▶ **WORK TO BE COMPLETED**
Restate each entry word for word, leaving nothing out.
DATASET RECORDS section start
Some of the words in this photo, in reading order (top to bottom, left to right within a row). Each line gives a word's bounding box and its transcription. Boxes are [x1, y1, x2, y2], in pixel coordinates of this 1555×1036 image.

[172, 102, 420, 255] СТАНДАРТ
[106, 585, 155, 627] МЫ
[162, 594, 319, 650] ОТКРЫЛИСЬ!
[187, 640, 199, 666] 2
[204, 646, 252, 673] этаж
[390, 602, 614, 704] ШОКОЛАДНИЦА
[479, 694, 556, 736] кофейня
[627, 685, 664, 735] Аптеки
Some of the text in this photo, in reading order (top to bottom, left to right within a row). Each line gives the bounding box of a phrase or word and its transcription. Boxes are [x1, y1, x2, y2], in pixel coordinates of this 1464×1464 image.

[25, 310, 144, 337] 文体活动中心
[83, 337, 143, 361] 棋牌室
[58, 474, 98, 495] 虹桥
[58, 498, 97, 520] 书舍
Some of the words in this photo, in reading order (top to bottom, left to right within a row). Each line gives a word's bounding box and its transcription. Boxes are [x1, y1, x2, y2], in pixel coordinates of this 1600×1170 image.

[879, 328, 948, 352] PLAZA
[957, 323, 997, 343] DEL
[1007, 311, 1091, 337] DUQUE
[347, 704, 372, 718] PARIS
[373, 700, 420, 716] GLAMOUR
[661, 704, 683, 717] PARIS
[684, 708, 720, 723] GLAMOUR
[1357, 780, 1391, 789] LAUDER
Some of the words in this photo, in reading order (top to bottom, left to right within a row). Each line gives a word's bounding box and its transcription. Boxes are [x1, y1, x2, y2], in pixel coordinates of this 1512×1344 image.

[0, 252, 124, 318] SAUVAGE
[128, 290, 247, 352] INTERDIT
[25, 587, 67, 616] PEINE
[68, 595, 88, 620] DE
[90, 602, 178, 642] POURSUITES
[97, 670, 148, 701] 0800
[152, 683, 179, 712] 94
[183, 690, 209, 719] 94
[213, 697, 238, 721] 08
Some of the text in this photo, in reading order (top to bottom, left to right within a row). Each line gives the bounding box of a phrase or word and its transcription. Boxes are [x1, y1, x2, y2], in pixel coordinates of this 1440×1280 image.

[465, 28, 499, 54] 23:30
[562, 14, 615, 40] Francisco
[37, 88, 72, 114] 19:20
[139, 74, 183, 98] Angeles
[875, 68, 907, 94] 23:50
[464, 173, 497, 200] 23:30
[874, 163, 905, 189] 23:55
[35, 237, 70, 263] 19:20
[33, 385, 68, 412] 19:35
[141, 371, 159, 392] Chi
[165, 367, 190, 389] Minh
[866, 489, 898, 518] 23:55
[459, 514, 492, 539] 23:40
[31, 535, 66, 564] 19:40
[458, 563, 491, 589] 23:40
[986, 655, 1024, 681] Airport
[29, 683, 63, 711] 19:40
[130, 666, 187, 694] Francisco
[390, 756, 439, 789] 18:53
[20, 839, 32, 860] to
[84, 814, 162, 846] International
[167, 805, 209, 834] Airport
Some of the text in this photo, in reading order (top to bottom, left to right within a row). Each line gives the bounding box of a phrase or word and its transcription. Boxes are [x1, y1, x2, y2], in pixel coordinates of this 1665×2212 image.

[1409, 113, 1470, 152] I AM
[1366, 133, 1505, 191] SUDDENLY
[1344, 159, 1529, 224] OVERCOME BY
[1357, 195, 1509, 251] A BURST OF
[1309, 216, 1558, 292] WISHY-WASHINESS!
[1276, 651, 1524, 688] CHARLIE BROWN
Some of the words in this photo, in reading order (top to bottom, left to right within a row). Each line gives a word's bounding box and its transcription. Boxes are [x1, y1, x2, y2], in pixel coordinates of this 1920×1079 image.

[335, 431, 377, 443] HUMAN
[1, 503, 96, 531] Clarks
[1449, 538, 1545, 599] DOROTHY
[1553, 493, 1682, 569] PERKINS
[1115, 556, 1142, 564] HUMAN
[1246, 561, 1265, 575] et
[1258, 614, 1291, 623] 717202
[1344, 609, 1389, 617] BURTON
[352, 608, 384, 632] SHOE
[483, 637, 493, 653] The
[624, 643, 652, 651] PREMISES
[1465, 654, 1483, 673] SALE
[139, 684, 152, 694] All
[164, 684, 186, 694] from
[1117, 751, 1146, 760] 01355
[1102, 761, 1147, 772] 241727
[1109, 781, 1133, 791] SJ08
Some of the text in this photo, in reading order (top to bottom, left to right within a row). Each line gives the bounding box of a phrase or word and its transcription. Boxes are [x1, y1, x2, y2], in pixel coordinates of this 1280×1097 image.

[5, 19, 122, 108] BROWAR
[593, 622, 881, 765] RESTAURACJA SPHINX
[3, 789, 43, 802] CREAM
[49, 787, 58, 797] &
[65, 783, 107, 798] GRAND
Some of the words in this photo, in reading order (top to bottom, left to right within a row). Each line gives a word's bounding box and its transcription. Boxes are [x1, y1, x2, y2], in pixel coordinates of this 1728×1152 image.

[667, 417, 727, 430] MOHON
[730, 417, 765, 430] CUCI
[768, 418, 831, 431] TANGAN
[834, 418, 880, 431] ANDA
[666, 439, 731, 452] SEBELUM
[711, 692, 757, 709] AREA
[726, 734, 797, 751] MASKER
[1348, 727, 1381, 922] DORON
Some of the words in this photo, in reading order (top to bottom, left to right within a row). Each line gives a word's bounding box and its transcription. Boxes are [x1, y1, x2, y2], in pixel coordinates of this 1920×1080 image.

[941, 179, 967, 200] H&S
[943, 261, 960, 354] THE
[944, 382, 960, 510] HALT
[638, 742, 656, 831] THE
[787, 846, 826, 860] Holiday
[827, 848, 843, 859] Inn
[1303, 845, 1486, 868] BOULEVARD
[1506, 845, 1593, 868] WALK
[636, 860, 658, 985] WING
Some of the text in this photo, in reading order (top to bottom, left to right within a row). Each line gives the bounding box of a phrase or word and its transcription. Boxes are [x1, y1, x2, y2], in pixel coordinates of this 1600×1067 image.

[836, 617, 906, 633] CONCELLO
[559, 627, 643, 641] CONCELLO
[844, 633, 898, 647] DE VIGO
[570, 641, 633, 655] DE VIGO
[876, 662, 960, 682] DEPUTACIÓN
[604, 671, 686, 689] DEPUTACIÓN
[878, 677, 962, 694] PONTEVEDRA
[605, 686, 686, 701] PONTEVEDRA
DATASET RECORDS section end
▶ **RESULT BELOW**
Some of the words in this photo, in reading order (top to bottom, left to right within a row). Each line gives a word's bounding box and its transcription. Boxes are [x1, y1, x2, y2], in pixel coordinates of this 1555×1036 image.

[172, 102, 420, 255] СТАНДАРТ
[106, 585, 155, 627] МЫ
[162, 594, 319, 650] ОТКРЫЛИСЬ!
[187, 640, 199, 666] 2
[204, 646, 252, 673] этаж
[390, 602, 614, 704] ШОКОЛАДНИЦА
[479, 694, 556, 736] кофейня
[627, 685, 664, 735] Аптеки
Some of the text in this photo, in reading order (top to bottom, left to right within a row). Each line gives the bounding box of a phrase or word and its transcription. Boxes are [x1, y1, x2, y2], in pixel coordinates of this 1464×1464 image.

[25, 310, 144, 337] 文体活动中心
[83, 337, 143, 361] 棋牌室
[58, 474, 98, 495] 虹桥
[58, 498, 97, 520] 书舍
Some of the words in this photo, in reading order (top to bottom, left to right within a row). Each line gives a word's bounding box and its transcription. Boxes are [x1, y1, x2, y2], in pixel coordinates of this 1600×1170 image.

[879, 328, 948, 352] PLAZA
[957, 323, 997, 343] DEL
[1007, 311, 1091, 337] DUQUE
[347, 704, 372, 718] PARIS
[373, 700, 420, 716] GLAMOUR
[661, 704, 683, 717] PARIS
[684, 708, 720, 723] GLAMOUR
[1357, 780, 1391, 789] LAUDER
Some of the words in this photo, in reading order (top to bottom, left to right within a row). Each line gives a word's bounding box and its transcription. Boxes are [x1, y1, x2, y2], in pixel coordinates of this 1512×1344 image.

[0, 252, 124, 318] SAUVAGE
[128, 290, 247, 352] INTERDIT
[25, 587, 67, 616] PEINE
[68, 595, 88, 620] DE
[90, 602, 178, 642] POURSUITES
[97, 670, 148, 701] 0800
[152, 683, 179, 712] 94
[183, 690, 209, 719] 94
[213, 697, 238, 721] 08
Some of the text in this photo, in reading order (top to bottom, left to right within a row). Each line gives the bounding box of a phrase or word and its transcription. Boxes are [x1, y1, x2, y2], in pixel coordinates of this 1440×1280 image.

[465, 28, 499, 54] 23:30
[562, 14, 615, 40] Francisco
[37, 88, 72, 114] 19:20
[139, 74, 183, 98] Angeles
[875, 68, 907, 94] 23:50
[464, 173, 497, 200] 23:30
[874, 163, 905, 189] 23:55
[35, 237, 70, 263] 19:20
[33, 385, 68, 412] 19:35
[141, 371, 159, 392] Chi
[165, 367, 190, 389] Minh
[866, 489, 898, 518] 23:55
[459, 514, 492, 539] 23:40
[31, 535, 66, 564] 19:40
[458, 563, 491, 589] 23:40
[986, 655, 1024, 681] Airport
[29, 683, 63, 711] 19:40
[130, 666, 187, 694] Francisco
[390, 756, 439, 789] 18:53
[20, 839, 32, 860] to
[84, 814, 162, 846] International
[167, 805, 209, 834] Airport
Some of the text in this photo, in reading order (top to bottom, left to right within a row). Each line gives the bounding box of a phrase or word and its transcription. Boxes are [x1, y1, x2, y2], in pixel coordinates of this 1665×2212 image.

[1409, 113, 1470, 152] I AM
[1366, 133, 1505, 191] SUDDENLY
[1344, 159, 1529, 224] OVERCOME BY
[1357, 195, 1509, 251] A BURST OF
[1309, 216, 1558, 292] WISHY-WASHINESS!
[1276, 651, 1524, 688] CHARLIE BROWN
Some of the words in this photo, in reading order (top to bottom, left to right within a row). Each line gives a word's bounding box and its transcription. Boxes are [x1, y1, x2, y2], in pixel coordinates of this 1920×1079 image.

[335, 431, 377, 443] HUMAN
[1, 503, 96, 531] Clarks
[1449, 538, 1545, 599] DOROTHY
[1553, 493, 1682, 569] PERKINS
[1115, 556, 1142, 564] HUMAN
[1246, 561, 1265, 575] et
[1258, 614, 1291, 623] 717202
[1344, 609, 1389, 617] BURTON
[352, 608, 384, 632] SHOE
[483, 637, 493, 653] The
[624, 643, 652, 651] PREMISES
[1465, 654, 1483, 673] SALE
[139, 684, 152, 694] All
[164, 684, 186, 694] from
[1117, 751, 1146, 760] 01355
[1102, 761, 1147, 772] 241727
[1109, 781, 1133, 791] SJ08
Some of the text in this photo, in reading order (top to bottom, left to right within a row). Each line gives the bounding box of a phrase or word and its transcription. Boxes are [x1, y1, x2, y2], in pixel coordinates of this 1280×1097 image.

[5, 19, 122, 108] BROWAR
[593, 622, 881, 765] RESTAURACJA SPHINX
[3, 789, 43, 802] CREAM
[49, 787, 58, 797] &
[65, 783, 107, 798] GRAND
Some of the words in this photo, in reading order (top to bottom, left to right within a row). Each line gives a word's bounding box and its transcription. Boxes are [x1, y1, x2, y2], in pixel coordinates of this 1728×1152 image.

[667, 417, 727, 430] MOHON
[730, 417, 765, 430] CUCI
[768, 418, 831, 431] TANGAN
[834, 418, 880, 431] ANDA
[666, 439, 731, 452] SEBELUM
[711, 692, 757, 709] AREA
[726, 734, 797, 751] MASKER
[1348, 727, 1381, 922] DORON
Some of the words in this photo, in reading order (top to bottom, left to right within a row). Each line gives a word's bounding box and its transcription. Boxes are [x1, y1, x2, y2], in pixel coordinates of this 1920×1080 image.

[941, 179, 967, 200] H&S
[943, 261, 960, 354] THE
[944, 382, 960, 510] HALT
[638, 742, 656, 831] THE
[787, 846, 826, 860] Holiday
[827, 848, 843, 859] Inn
[1303, 845, 1486, 868] BOULEVARD
[1506, 845, 1593, 868] WALK
[636, 860, 658, 985] WING
Some of the text in this photo, in reading order (top to bottom, left to right within a row). Each line gives the bounding box of a phrase or word and its transcription. Boxes are [x1, y1, x2, y2], in pixel coordinates of this 1600×1067 image.

[836, 617, 906, 633] CONCELLO
[559, 627, 643, 641] CONCELLO
[844, 633, 898, 647] DE VIGO
[570, 641, 633, 655] DE VIGO
[876, 662, 960, 682] DEPUTACIÓN
[604, 671, 686, 689] DEPUTACIÓN
[878, 677, 962, 694] PONTEVEDRA
[605, 686, 686, 701] PONTEVEDRA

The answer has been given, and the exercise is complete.